▶ SOURCE RECORDS

------------------------------------------------------------------------

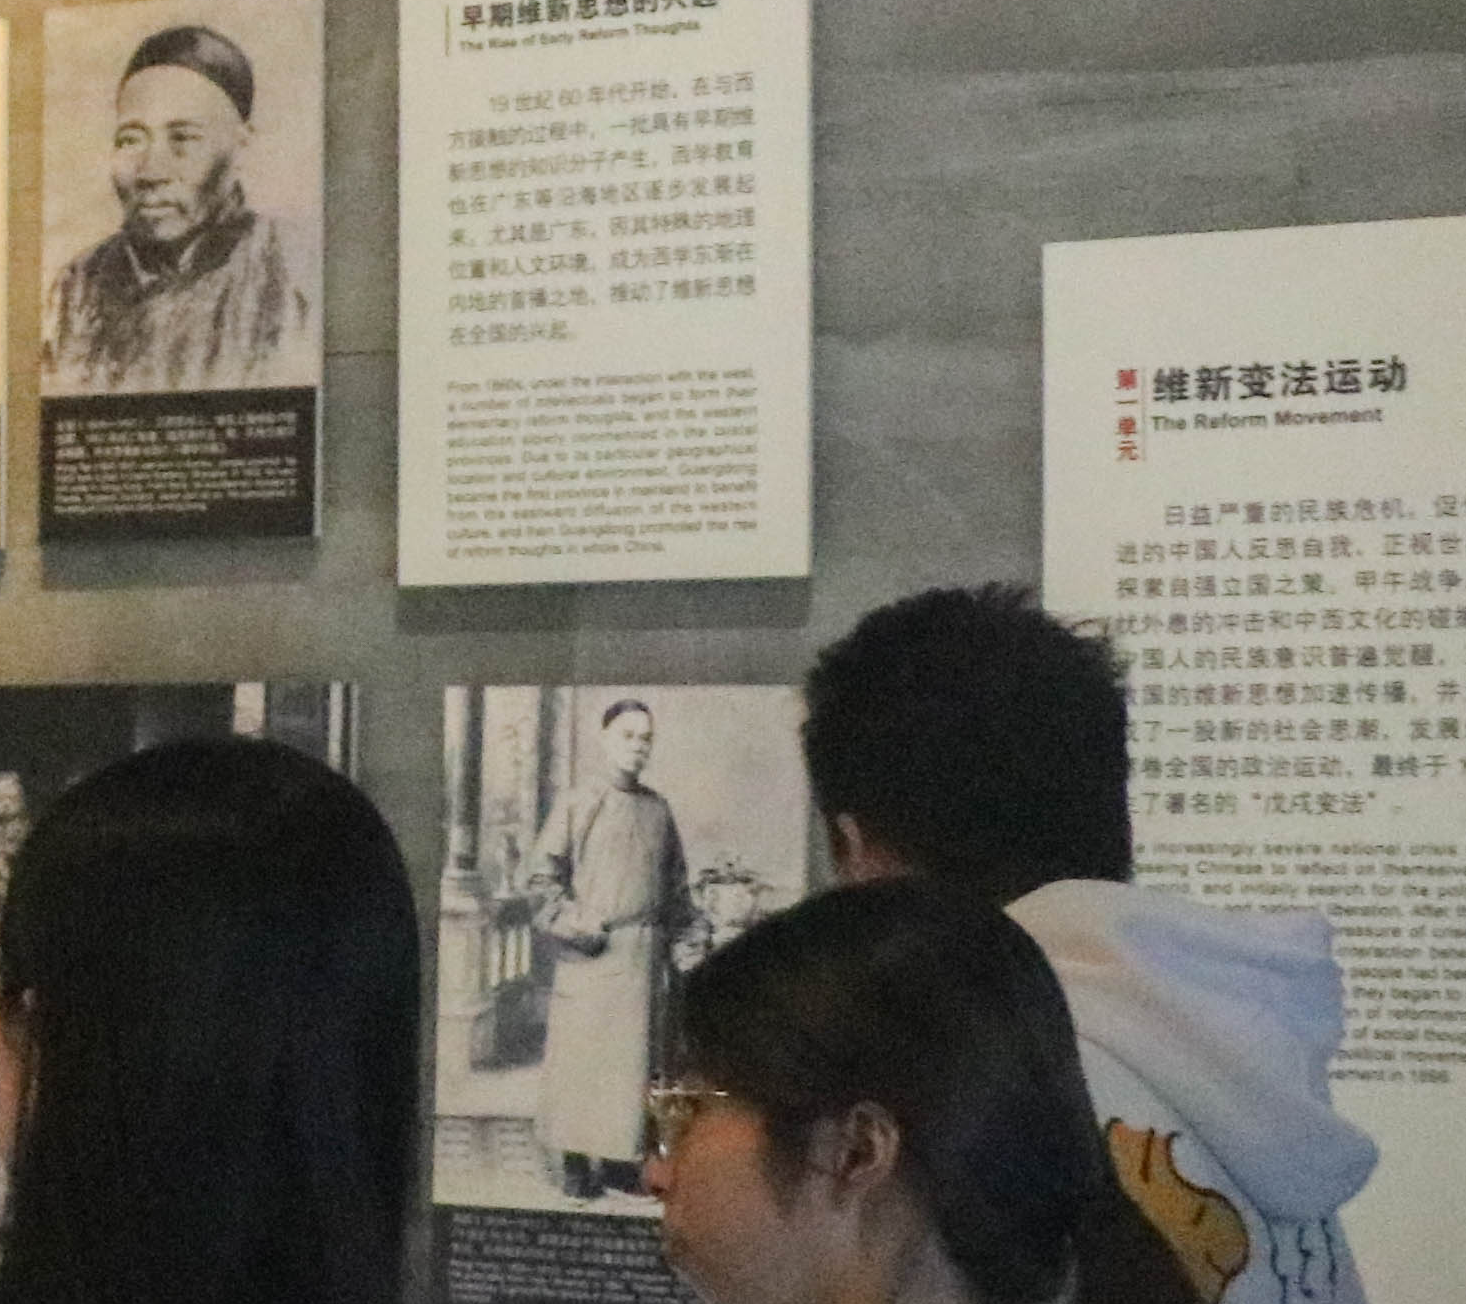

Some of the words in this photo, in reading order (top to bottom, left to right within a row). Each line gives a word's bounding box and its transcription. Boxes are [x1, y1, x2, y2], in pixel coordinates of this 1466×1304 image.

[460, 38, 483, 51] The
[579, 26, 628, 41] Reform
[1153, 355, 1408, 404] 维新变法运动
[1115, 368, 1140, 462] 第一单元
[1151, 414, 1186, 432] The
[1193, 412, 1268, 430] Reform
[1274, 407, 1384, 427] Movement

------------------------------------------------------------------------

▶ EXERCISE BRIEF
Output the listing exactly, without images.

▶ SOLUTION
Some of the words in this photo, in reading order (top to bottom, left to right within a row). Each line gives a word's bounding box and its transcription. Boxes are [x1, y1, x2, y2], in pixel coordinates of this 1466×1304 image.

[460, 38, 483, 51] The
[579, 26, 628, 41] Reform
[1153, 355, 1408, 404] 维新变法运动
[1115, 368, 1140, 462] 第一单元
[1151, 414, 1186, 432] The
[1193, 412, 1268, 430] Reform
[1274, 407, 1384, 427] Movement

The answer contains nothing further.